### WHAT THE TASK REQUIRES:
Each entry must be restated word for word, with nothing omitted.

(Beginning of TASK INPUTS)

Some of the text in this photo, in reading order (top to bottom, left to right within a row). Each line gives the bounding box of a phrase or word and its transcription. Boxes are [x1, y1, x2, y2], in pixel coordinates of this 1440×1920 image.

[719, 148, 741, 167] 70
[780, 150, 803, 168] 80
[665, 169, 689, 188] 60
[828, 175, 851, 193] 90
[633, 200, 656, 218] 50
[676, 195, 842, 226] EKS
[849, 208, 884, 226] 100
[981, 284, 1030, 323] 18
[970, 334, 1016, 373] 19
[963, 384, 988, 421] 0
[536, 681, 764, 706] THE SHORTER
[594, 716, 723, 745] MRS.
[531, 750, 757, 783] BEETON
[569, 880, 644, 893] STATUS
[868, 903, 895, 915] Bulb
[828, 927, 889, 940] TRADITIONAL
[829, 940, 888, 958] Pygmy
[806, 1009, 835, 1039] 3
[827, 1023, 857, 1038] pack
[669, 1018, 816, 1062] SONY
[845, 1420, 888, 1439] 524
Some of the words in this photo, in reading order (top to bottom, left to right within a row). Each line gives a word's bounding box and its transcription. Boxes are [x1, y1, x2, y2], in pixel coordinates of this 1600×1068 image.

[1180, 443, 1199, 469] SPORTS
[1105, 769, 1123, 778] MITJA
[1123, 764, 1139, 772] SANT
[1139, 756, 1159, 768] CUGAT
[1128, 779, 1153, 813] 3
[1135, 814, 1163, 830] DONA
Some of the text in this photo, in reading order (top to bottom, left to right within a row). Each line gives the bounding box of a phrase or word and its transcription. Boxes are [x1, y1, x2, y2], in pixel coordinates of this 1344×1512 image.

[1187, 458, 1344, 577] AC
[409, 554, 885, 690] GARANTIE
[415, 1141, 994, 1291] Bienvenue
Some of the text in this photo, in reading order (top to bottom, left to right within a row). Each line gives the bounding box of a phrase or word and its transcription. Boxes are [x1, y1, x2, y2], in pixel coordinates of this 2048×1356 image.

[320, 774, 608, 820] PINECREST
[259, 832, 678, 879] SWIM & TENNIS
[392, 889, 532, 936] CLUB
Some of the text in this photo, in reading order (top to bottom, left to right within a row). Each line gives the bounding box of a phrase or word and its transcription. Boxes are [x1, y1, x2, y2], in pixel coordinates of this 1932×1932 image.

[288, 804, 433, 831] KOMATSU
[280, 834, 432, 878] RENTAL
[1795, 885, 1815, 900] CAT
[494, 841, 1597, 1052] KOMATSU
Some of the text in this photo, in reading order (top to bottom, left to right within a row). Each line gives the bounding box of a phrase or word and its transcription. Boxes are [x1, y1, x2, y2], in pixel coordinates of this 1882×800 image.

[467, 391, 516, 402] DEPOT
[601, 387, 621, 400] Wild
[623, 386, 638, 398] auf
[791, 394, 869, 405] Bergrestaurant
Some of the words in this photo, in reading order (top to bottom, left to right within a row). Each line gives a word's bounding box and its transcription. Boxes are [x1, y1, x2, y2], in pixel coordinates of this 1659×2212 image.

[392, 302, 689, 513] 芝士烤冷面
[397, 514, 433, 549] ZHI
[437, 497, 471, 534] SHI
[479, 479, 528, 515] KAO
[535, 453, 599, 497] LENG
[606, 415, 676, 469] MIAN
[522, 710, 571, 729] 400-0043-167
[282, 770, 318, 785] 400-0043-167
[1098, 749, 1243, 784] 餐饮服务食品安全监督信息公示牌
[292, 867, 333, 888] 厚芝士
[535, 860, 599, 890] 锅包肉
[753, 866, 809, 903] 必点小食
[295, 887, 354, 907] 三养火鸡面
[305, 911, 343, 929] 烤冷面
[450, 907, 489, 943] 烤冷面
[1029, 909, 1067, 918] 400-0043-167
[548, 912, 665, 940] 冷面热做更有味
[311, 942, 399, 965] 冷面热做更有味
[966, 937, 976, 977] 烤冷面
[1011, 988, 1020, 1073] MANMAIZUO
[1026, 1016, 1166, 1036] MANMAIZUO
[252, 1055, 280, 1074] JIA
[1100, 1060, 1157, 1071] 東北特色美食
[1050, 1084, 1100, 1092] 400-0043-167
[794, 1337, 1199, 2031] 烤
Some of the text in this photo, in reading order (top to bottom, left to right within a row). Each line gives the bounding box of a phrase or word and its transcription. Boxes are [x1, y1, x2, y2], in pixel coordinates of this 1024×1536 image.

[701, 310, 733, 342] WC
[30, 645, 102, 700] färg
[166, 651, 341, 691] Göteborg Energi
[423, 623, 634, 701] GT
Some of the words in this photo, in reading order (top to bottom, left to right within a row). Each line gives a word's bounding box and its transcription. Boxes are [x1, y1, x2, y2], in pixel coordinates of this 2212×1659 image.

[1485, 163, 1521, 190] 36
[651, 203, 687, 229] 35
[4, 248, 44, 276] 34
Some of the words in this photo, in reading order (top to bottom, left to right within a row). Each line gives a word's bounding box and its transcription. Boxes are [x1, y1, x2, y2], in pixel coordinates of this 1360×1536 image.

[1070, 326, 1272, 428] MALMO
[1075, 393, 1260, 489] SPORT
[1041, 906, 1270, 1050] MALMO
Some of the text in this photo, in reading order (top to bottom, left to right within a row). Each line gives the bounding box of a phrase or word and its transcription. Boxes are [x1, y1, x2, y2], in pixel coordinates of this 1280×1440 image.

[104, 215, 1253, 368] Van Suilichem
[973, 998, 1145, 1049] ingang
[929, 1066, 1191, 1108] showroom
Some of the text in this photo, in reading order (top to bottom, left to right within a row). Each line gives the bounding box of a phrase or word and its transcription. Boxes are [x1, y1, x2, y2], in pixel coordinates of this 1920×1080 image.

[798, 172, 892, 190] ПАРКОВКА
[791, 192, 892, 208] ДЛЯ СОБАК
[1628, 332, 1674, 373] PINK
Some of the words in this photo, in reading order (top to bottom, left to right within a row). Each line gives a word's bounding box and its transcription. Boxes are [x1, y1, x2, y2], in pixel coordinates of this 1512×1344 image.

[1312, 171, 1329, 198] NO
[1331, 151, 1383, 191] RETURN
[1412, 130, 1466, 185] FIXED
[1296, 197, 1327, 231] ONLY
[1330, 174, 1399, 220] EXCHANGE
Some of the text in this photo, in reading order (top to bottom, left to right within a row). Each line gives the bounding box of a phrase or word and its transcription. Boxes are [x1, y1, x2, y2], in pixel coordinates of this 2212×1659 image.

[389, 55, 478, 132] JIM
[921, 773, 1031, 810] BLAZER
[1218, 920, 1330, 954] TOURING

(End of TASK INPUTS)

### RESPONSE FOR THIS EXERCISE:
Some of the text in this photo, in reading order (top to bottom, left to right within a row). Each line gives the bounding box of a phrase or word and its transcription. Boxes are [x1, y1, x2, y2], in pixel coordinates of this 1440×1920 image.

[719, 148, 741, 167] 70
[780, 150, 803, 168] 80
[665, 169, 689, 188] 60
[828, 175, 851, 193] 90
[633, 200, 656, 218] 50
[676, 195, 842, 226] EKS
[849, 208, 884, 226] 100
[981, 284, 1030, 323] 18
[970, 334, 1016, 373] 19
[963, 384, 988, 421] 0
[536, 681, 764, 706] THE SHORTER
[594, 716, 723, 745] MRS.
[531, 750, 757, 783] BEETON
[569, 880, 644, 893] STATUS
[868, 903, 895, 915] Bulb
[828, 927, 889, 940] TRADITIONAL
[829, 940, 888, 958] Pygmy
[806, 1009, 835, 1039] 3
[827, 1023, 857, 1038] pack
[669, 1018, 816, 1062] SONY
[845, 1420, 888, 1439] 524
Some of the words in this photo, in reading order (top to bottom, left to right within a row). Each line gives a word's bounding box and its transcription. Boxes are [x1, y1, x2, y2], in pixel coordinates of this 1600×1068 image.

[1180, 443, 1199, 469] SPORTS
[1105, 769, 1123, 778] MITJA
[1123, 764, 1139, 772] SANT
[1139, 756, 1159, 768] CUGAT
[1128, 779, 1153, 813] 3
[1135, 814, 1163, 830] DONA
Some of the text in this photo, in reading order (top to bottom, left to right within a row). Each line gives the bounding box of a phrase or word and its transcription. Boxes are [x1, y1, x2, y2], in pixel coordinates of this 1344×1512 image.

[1187, 458, 1344, 577] AC
[409, 554, 885, 690] GARANTIE
[415, 1141, 994, 1291] Bienvenue
Some of the text in this photo, in reading order (top to bottom, left to right within a row). Each line gives the bounding box of a phrase or word and its transcription. Boxes are [x1, y1, x2, y2], in pixel coordinates of this 2048×1356 image.

[320, 774, 608, 820] PINECREST
[259, 832, 678, 879] SWIM & TENNIS
[392, 889, 532, 936] CLUB
Some of the text in this photo, in reading order (top to bottom, left to right within a row). Each line gives the bounding box of a phrase or word and its transcription. Boxes are [x1, y1, x2, y2], in pixel coordinates of this 1932×1932 image.

[288, 804, 433, 831] KOMATSU
[280, 834, 432, 878] RENTAL
[1795, 885, 1815, 900] CAT
[494, 841, 1597, 1052] KOMATSU
Some of the text in this photo, in reading order (top to bottom, left to right within a row). Each line gives the bounding box of a phrase or word and its transcription. Boxes are [x1, y1, x2, y2], in pixel coordinates of this 1882×800 image.

[467, 391, 516, 402] DEPOT
[601, 387, 621, 400] Wild
[623, 386, 638, 398] auf
[791, 394, 869, 405] Bergrestaurant
Some of the words in this photo, in reading order (top to bottom, left to right within a row). Each line gives a word's bounding box and its transcription. Boxes are [x1, y1, x2, y2], in pixel coordinates of this 1659×2212 image.

[392, 302, 689, 513] 芝士烤冷面
[397, 514, 433, 549] ZHI
[437, 497, 471, 534] SHI
[479, 479, 528, 515] KAO
[535, 453, 599, 497] LENG
[606, 415, 676, 469] MIAN
[522, 710, 571, 729] 400-0043-167
[282, 770, 318, 785] 400-0043-167
[1098, 749, 1243, 784] 餐饮服务食品安全监督信息公示牌
[292, 867, 333, 888] 厚芝士
[535, 860, 599, 890] 锅包肉
[753, 866, 809, 903] 必点小食
[295, 887, 354, 907] 三养火鸡面
[305, 911, 343, 929] 烤冷面
[450, 907, 489, 943] 烤冷面
[1029, 909, 1067, 918] 400-0043-167
[548, 912, 665, 940] 冷面热做更有味
[311, 942, 399, 965] 冷面热做更有味
[966, 937, 976, 977] 烤冷面
[1011, 988, 1020, 1073] MANMAIZUO
[1026, 1016, 1166, 1036] MANMAIZUO
[252, 1055, 280, 1074] JIA
[1100, 1060, 1157, 1071] 東北特色美食
[1050, 1084, 1100, 1092] 400-0043-167
[794, 1337, 1199, 2031] 烤
Some of the text in this photo, in reading order (top to bottom, left to right within a row). Each line gives the bounding box of a phrase or word and its transcription. Boxes are [x1, y1, x2, y2], in pixel coordinates of this 1024×1536 image.

[701, 310, 733, 342] WC
[30, 645, 102, 700] färg
[166, 651, 341, 691] Göteborg Energi
[423, 623, 634, 701] GT
Some of the words in this photo, in reading order (top to bottom, left to right within a row). Each line gives a word's bounding box and its transcription. Boxes are [x1, y1, x2, y2], in pixel coordinates of this 2212×1659 image.

[1485, 163, 1521, 190] 36
[651, 203, 687, 229] 35
[4, 248, 44, 276] 34
Some of the words in this photo, in reading order (top to bottom, left to right within a row). Each line gives a word's bounding box and its transcription. Boxes are [x1, y1, x2, y2], in pixel coordinates of this 1360×1536 image.

[1070, 326, 1272, 428] MALMO
[1075, 393, 1260, 489] SPORT
[1041, 906, 1270, 1050] MALMO
Some of the text in this photo, in reading order (top to bottom, left to right within a row). Each line gives the bounding box of a phrase or word and its transcription. Boxes are [x1, y1, x2, y2], in pixel coordinates of this 1280×1440 image.

[104, 215, 1253, 368] Van Suilichem
[973, 998, 1145, 1049] ingang
[929, 1066, 1191, 1108] showroom
Some of the text in this photo, in reading order (top to bottom, left to right within a row). Each line gives the bounding box of a phrase or word and its transcription. Boxes are [x1, y1, x2, y2], in pixel coordinates of this 1920×1080 image.

[798, 172, 892, 190] ПАРКОВКА
[791, 192, 892, 208] ДЛЯ СОБАК
[1628, 332, 1674, 373] PINK
Some of the words in this photo, in reading order (top to bottom, left to right within a row). Each line gives a word's bounding box and its transcription. Boxes are [x1, y1, x2, y2], in pixel coordinates of this 1512×1344 image.

[1312, 171, 1329, 198] NO
[1331, 151, 1383, 191] RETURN
[1412, 130, 1466, 185] FIXED
[1296, 197, 1327, 231] ONLY
[1330, 174, 1399, 220] EXCHANGE
Some of the text in this photo, in reading order (top to bottom, left to right within a row). Each line gives the bounding box of a phrase or word and its transcription. Boxes are [x1, y1, x2, y2], in pixel coordinates of this 2212×1659 image.

[389, 55, 478, 132] JIM
[921, 773, 1031, 810] BLAZER
[1218, 920, 1330, 954] TOURING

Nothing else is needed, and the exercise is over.